Prophylactic Use of the Pectoralis Major Flap to Prevent Anastomotic Leak in the Reconstruction of a Total Laryngopharyngoesophagectomy Defect Combined With Gastric Pull-Up After Chemoradiotherapy.

J Craniofac Surg 2020 Sep;31(6):1833-1835

Department of Plastic and Reconstructive Surgery, Boonshoft School of Medicine at Wright State University, Dayton, OH.
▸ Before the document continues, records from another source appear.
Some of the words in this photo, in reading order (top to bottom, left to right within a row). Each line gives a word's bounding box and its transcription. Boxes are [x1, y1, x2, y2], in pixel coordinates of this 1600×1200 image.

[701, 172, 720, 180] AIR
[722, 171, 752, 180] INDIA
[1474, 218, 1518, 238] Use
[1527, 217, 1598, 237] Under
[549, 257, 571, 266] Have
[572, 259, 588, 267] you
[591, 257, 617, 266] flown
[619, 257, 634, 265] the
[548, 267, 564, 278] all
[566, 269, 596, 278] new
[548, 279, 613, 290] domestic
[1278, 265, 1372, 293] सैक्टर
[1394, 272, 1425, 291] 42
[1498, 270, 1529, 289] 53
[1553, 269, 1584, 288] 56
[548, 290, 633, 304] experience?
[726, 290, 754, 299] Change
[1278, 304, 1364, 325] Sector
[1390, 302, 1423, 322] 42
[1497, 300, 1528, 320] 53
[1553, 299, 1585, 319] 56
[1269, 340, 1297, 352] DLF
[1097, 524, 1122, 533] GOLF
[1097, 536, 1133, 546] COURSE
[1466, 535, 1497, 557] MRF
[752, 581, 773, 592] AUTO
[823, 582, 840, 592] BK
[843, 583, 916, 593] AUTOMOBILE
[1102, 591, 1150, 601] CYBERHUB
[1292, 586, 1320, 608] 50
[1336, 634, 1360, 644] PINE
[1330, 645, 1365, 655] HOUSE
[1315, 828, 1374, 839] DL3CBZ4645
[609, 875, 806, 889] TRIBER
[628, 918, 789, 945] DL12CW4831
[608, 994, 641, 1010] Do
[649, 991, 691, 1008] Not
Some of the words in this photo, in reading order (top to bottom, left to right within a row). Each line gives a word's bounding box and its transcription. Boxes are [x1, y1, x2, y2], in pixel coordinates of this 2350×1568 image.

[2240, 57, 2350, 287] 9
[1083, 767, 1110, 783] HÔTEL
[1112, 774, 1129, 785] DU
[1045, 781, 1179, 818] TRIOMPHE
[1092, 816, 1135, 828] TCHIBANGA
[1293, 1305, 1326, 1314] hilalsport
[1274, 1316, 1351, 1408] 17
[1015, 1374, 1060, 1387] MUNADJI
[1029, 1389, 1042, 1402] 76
Total laryngopharyngoesophagectomy defects after surgical ablation for laryngopharyngeal carcinoma with involvement of the cervical esophagus represents a challenge to the reconstructive surgeon. Complicating an already challenging operation is when surgical ablation occurs after failure of primary chemoradiation requiring the surgeon to operate and reconstruct in an irradiated field limiting potential reconstructive options. Due to the advanced stage at diagnosis, some studies have shown that while traditional management with radiotherapy may be considered as an initial treatment modality, often times this has failed to provide sustainable improvement in survival with reported high local recurrence rates. With relatively high local recurrence rates following radiotherapy, movement towards aggressive surgical resection is favored in some institutions. Despite this movement, primary treatment with chemoradiation is still commonly used as a primary modality opening up the opportunity for residual or recurrent disease leading the surgeon to perform salvage surgery to eradicate disease after primary treatment failure. With advanced ablative surgery comes the challenge to find an ideal reconstructive option that will optimize functional outcomes which has shown to be particularly challenging when operating in a post-radiated field with a higher risk for pharyngocutaneous fistulas. The authors present a case where reconstruction of such a defect after local failure with primary chemoradiation was successful using a single stage reconstruction with the gastric pull up technique in combination with a pectoralis major myocutaneous flap. As the risk of anastomotic leak is significantly higher in patients following radiation, this method showed utilizing a prophylactic muscle flap at the time of reconstruction may further bolster the repair and prevent anastomotic leak.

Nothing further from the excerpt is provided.